_Activity_
Would you repeat the listing exactly but omit every picture?

_Data supplied_
"""

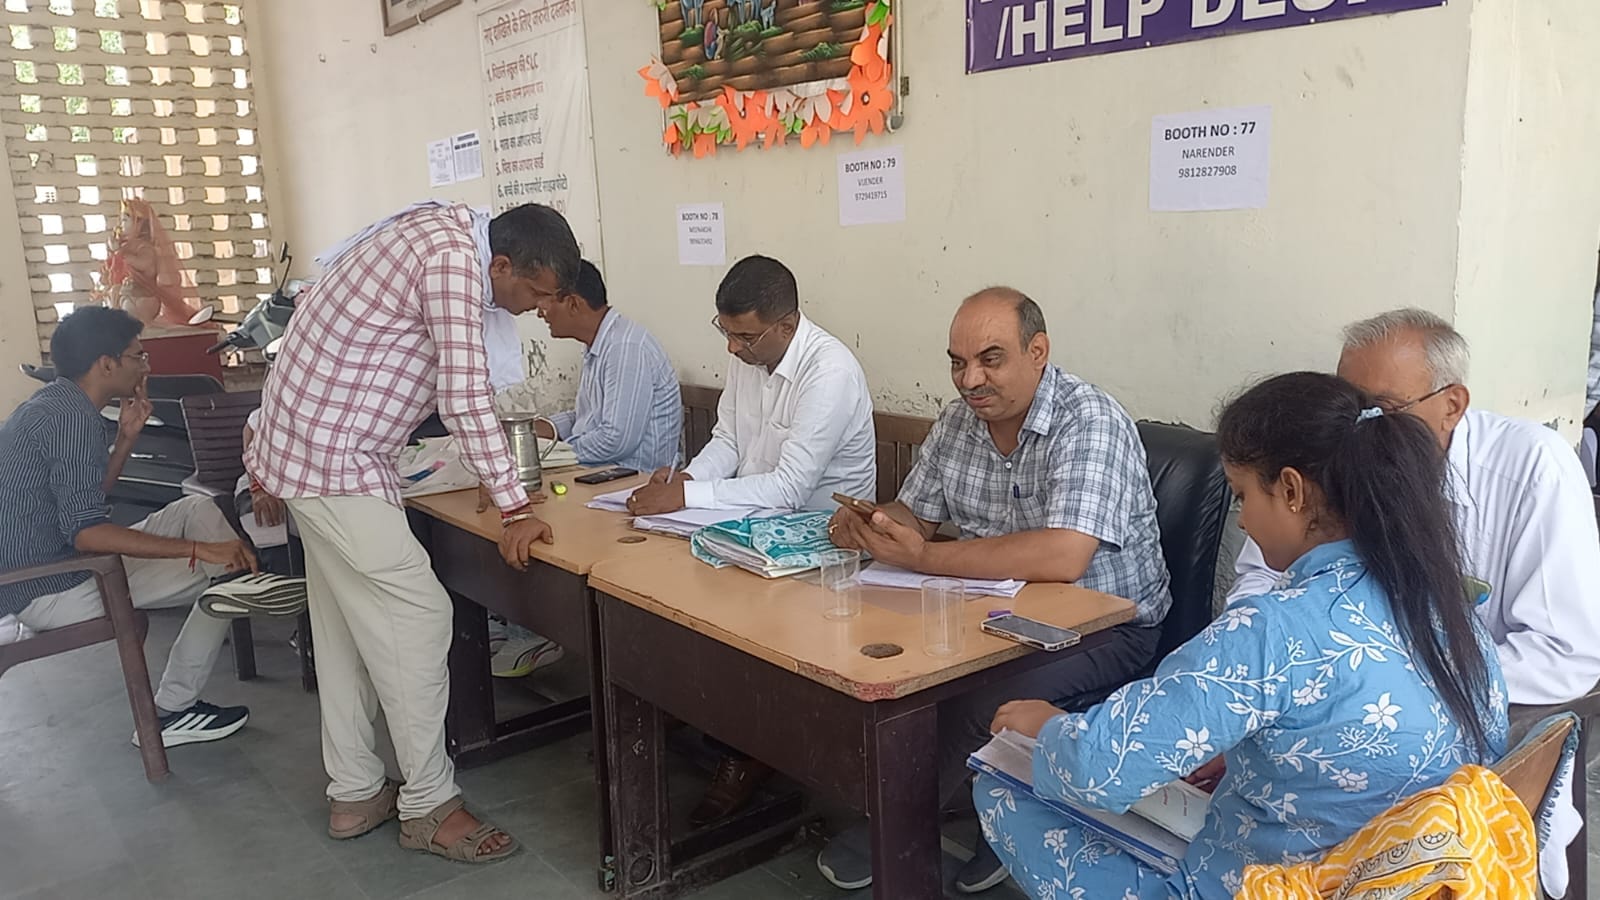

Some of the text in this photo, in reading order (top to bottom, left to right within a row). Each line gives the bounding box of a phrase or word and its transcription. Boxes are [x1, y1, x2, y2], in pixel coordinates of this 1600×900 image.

[1164, 125, 1207, 141] BOOTH
[1210, 124, 1230, 137] NO
[1240, 121, 1256, 135] 77
[1182, 145, 1235, 159] NARENDER
[845, 161, 869, 173] BOOTH
[870, 160, 881, 170] NO
[887, 157, 896, 168] 79
[1178, 165, 1237, 178] 9812827908
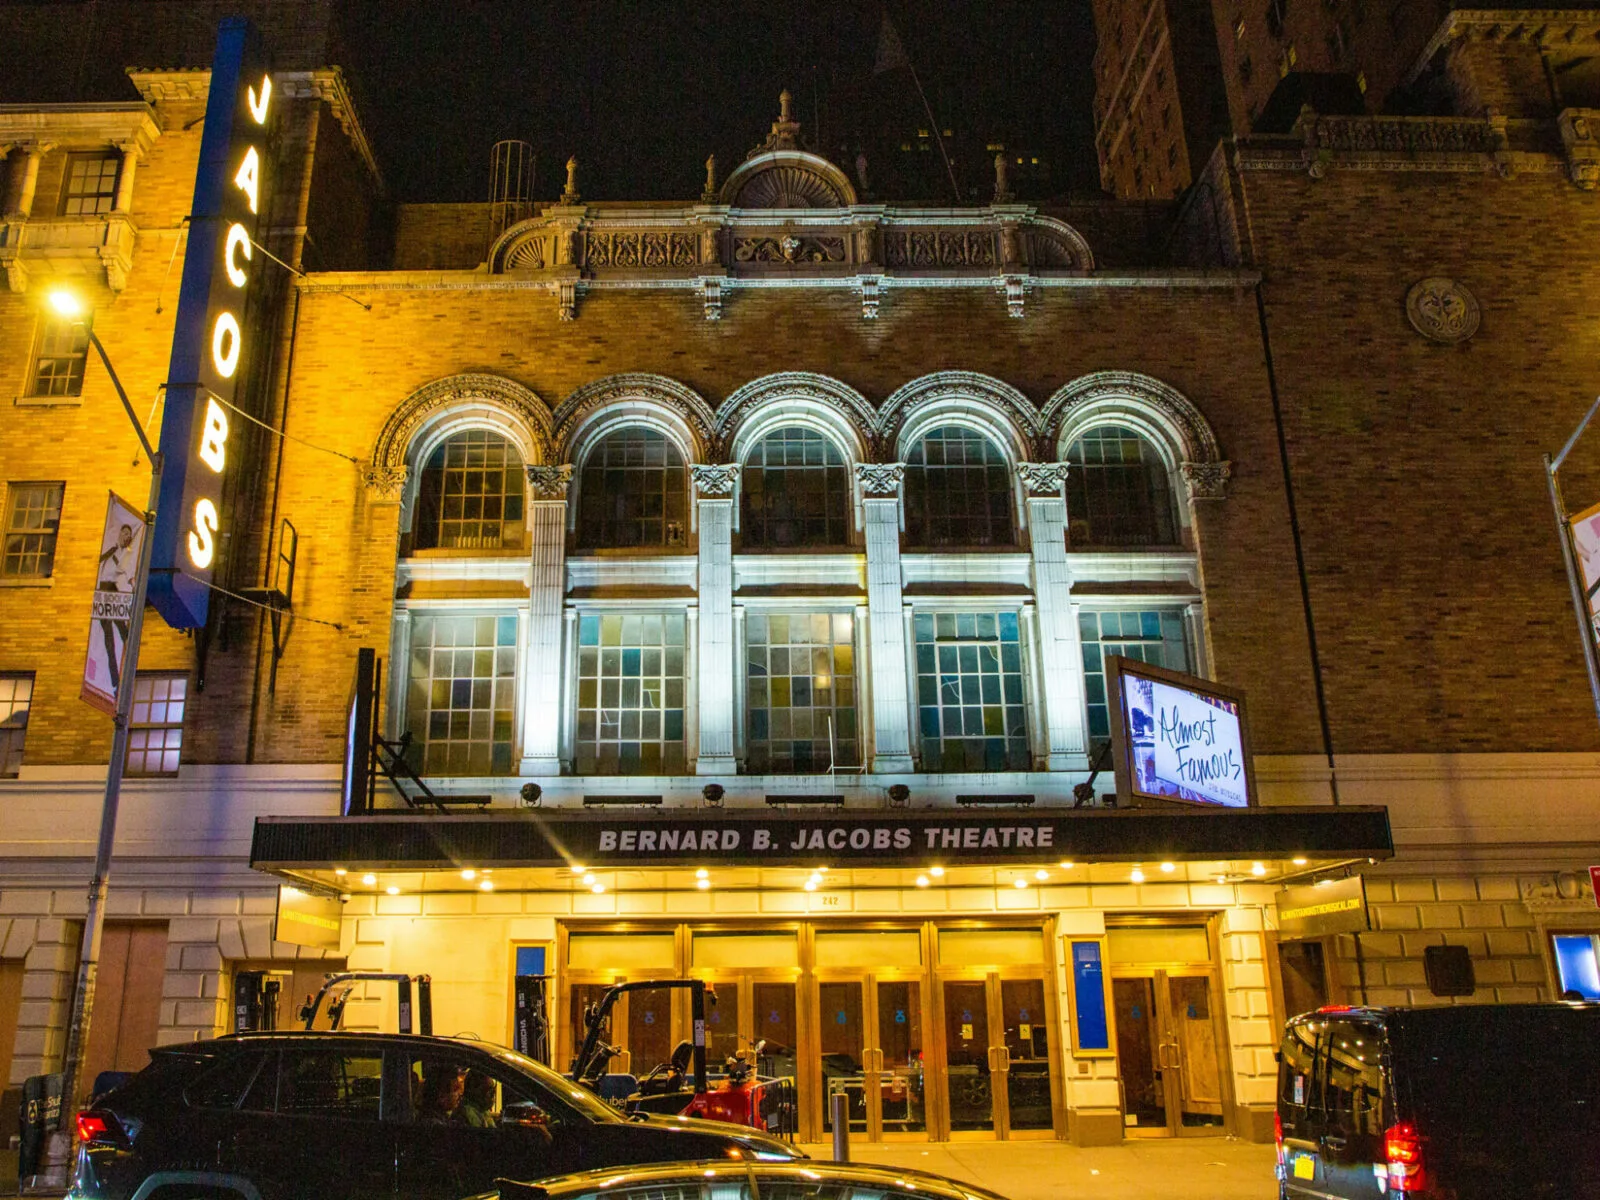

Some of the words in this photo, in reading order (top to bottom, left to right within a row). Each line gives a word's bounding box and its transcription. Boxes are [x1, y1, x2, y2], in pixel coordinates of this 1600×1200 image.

"""

_Written response_
Some of the text in this photo, in reading order (top to bottom, left to right within a row). Each line gives the bounding box of a phrase or word and its transcription. Boxes are [x1, y1, x2, y2], in pixel coordinates of this 1600×900 image.

[1164, 125, 1207, 141] BOOTH
[1210, 124, 1230, 137] NO
[1240, 121, 1256, 135] 77
[1182, 145, 1235, 159] NARENDER
[845, 161, 869, 173] BOOTH
[870, 160, 881, 170] NO
[887, 157, 896, 168] 79
[1178, 165, 1237, 178] 9812827908

Some of the words in this photo, in reading order (top to bottom, left to right within a row). Each line gives a word's bounding box and its transcription. Boxes are [x1, y1, x2, y2], in pixel coordinates of this 1600×1200 image.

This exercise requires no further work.